_Task to complete:_ Whatever the lines below say, output them exactly.

(Free-text object descriptions)
==================================================

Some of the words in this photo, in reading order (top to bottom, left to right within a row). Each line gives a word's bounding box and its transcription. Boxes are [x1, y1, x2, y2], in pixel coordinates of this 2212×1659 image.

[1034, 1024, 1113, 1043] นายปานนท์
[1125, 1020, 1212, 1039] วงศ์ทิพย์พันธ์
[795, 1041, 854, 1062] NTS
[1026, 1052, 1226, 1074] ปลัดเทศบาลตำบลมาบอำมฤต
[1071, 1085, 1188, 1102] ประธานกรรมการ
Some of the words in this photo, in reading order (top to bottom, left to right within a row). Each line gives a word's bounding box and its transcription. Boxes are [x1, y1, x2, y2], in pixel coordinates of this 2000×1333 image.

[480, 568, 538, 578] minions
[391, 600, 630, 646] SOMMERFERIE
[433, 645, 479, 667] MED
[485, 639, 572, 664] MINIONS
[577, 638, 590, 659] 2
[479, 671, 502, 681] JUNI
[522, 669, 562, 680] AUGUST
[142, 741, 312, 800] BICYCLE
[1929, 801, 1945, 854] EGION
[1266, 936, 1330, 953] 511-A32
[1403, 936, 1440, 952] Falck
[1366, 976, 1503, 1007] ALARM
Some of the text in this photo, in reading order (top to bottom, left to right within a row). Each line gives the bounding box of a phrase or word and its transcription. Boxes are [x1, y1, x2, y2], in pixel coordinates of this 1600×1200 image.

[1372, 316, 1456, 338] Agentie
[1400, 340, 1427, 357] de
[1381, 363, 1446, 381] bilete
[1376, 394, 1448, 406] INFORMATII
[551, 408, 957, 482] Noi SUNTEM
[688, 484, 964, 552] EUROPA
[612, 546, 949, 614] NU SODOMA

==================================================

_Exercise result:_
Some of the words in this photo, in reading order (top to bottom, left to right within a row). Each line gives a word's bounding box and its transcription. Boxes are [x1, y1, x2, y2], in pixel coordinates of this 2212×1659 image.

[1034, 1024, 1113, 1043] นายปานนท์
[1125, 1020, 1212, 1039] วงศ์ทิพย์พันธ์
[795, 1041, 854, 1062] NTS
[1026, 1052, 1226, 1074] ปลัดเทศบาลตำบลมาบอำมฤต
[1071, 1085, 1188, 1102] ประธานกรรมการ
Some of the words in this photo, in reading order (top to bottom, left to right within a row). Each line gives a word's bounding box and its transcription. Boxes are [x1, y1, x2, y2], in pixel coordinates of this 2000×1333 image.

[480, 568, 538, 578] minions
[391, 600, 630, 646] SOMMERFERIE
[433, 645, 479, 667] MED
[485, 639, 572, 664] MINIONS
[577, 638, 590, 659] 2
[479, 671, 502, 681] JUNI
[522, 669, 562, 680] AUGUST
[142, 741, 312, 800] BICYCLE
[1929, 801, 1945, 854] EGION
[1266, 936, 1330, 953] 511-A32
[1403, 936, 1440, 952] Falck
[1366, 976, 1503, 1007] ALARM
Some of the text in this photo, in reading order (top to bottom, left to right within a row). Each line gives the bounding box of a phrase or word and its transcription. Boxes are [x1, y1, x2, y2], in pixel coordinates of this 1600×1200 image.

[1372, 316, 1456, 338] Agentie
[1400, 340, 1427, 357] de
[1381, 363, 1446, 381] bilete
[1376, 394, 1448, 406] INFORMATII
[551, 408, 957, 482] Noi SUNTEM
[688, 484, 964, 552] EUROPA
[612, 546, 949, 614] NU SODOMA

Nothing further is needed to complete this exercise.